Cuando hablé, surgió su verdadera voz.

—¿De quién te escondes? —le pregunté.

Janelle se echó a reír.

—Si supieras cómo sonaba tu voz —dijo—. Tan amarga…

Me eché a reír también.

—Me escondía de tu amigo Osano —dijo—. No deja de llamarme.

Sentí algo desagradable en el estómago. No me sorprendía. Pero apreciaba mucho a Osano y él sabía lo que yo sentía por Janelle. Me fastidiaba la idea de que él me hiciese aquello. Y luego, en realidad, no me importaba nada. Ya no era importante.

—Quizá sólo quisiera saber dónde estoy —dije.

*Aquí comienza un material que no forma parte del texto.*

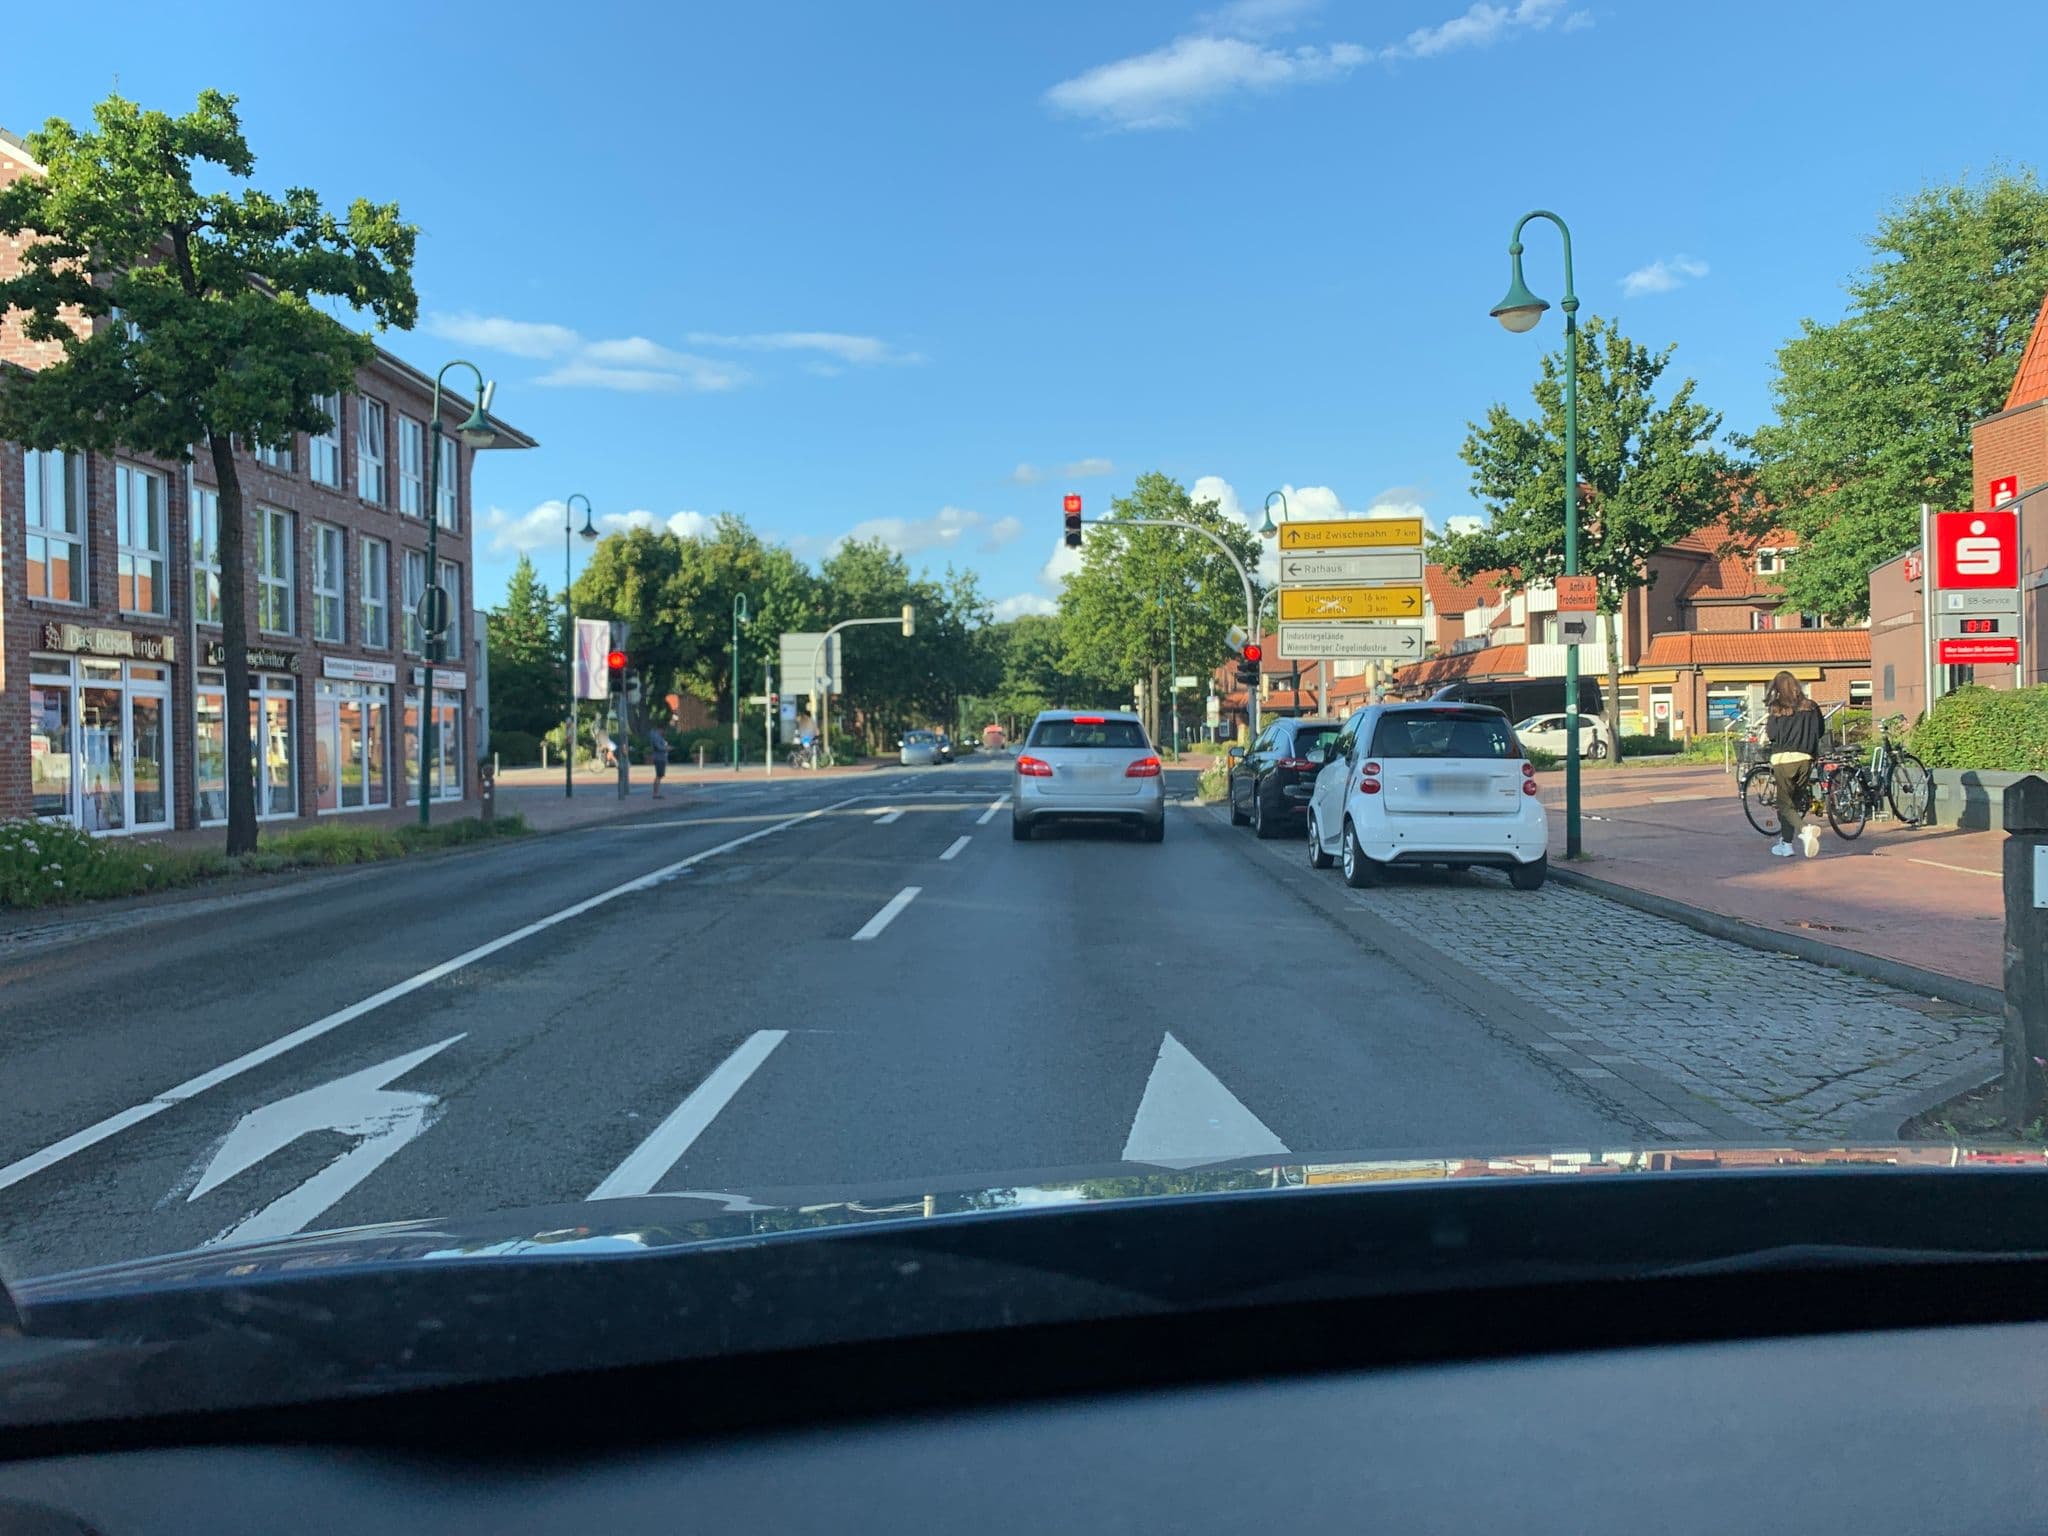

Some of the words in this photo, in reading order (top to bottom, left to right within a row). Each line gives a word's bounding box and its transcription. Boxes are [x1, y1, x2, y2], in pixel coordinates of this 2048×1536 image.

[1304, 532, 1322, 540] Bad
[1325, 529, 1387, 540] Zwischenahn
[1395, 528, 1401, 536] 7
[1304, 564, 1343, 574] Rathaus
[1363, 592, 1373, 601] 16
[1376, 592, 1388, 601] km
[1376, 604, 1388, 613] km
[71, 630, 92, 648] Das

—No —dijo Janelle—. Después de que te dejé en el avión, le llamé y le conté lo que había pasado. Estaba preocupado por ti, pero le dije que estabas perfectamente. ¿Lo estás?

—Sí —dije.

No me preguntó nada de lo que había pasado al llegar a casa. Me gustó este detalle. Porque ella sabía que no me agradaba hablar de ello. Y yo sabía que jamás le contaría a Osano lo que había pasado la mañana en que recibí la noticia de la muerte de Artie, cómo me había desmoronado.

Intenté actuar fríamente.

—¿Por qué te ocultas de él? Cuando estuvimos juntos te encantó su compañía en la cena. Creí que aprovecharías la oportunidad de volver a verle.

Hubo una pausa al otro lado, y luego oí una voz que indicaba que estaba furiosa. Su tono se volvió muy sereno. Las palabras muy precisas. Como si estuviese tensando un arco para lanzarme las palabras como flechas.

—Eso es verdad —dijo—, y la primera vez que llamó me encantó y salimos juntos a cenar. Lo pasamos muy bien.

Incrédulo ante la respuesta que me daba, dije, movido por un resto de celos:

—¿Te fuiste a la cama con él?

Se produjo de nuevo la pausa. Casi pude oír el chasquido del arco al lanzar la flecha.

—Sí —dijo.

Ninguno de los dos añadió nada. Me sentía muy mal, pero teníamos nuestras reglas. Ya no podíamos hacernos reproches. Sólo tomar venganza.

Vil, pero maquinalmente, dije:

—¿Cómo fue entonces?

Su tono era muy claro, muy alegre, como si hablase de una película:

—Fue muy divertido. Ya sabes lo hábil que es para dar coba y hacer que te sientas importante.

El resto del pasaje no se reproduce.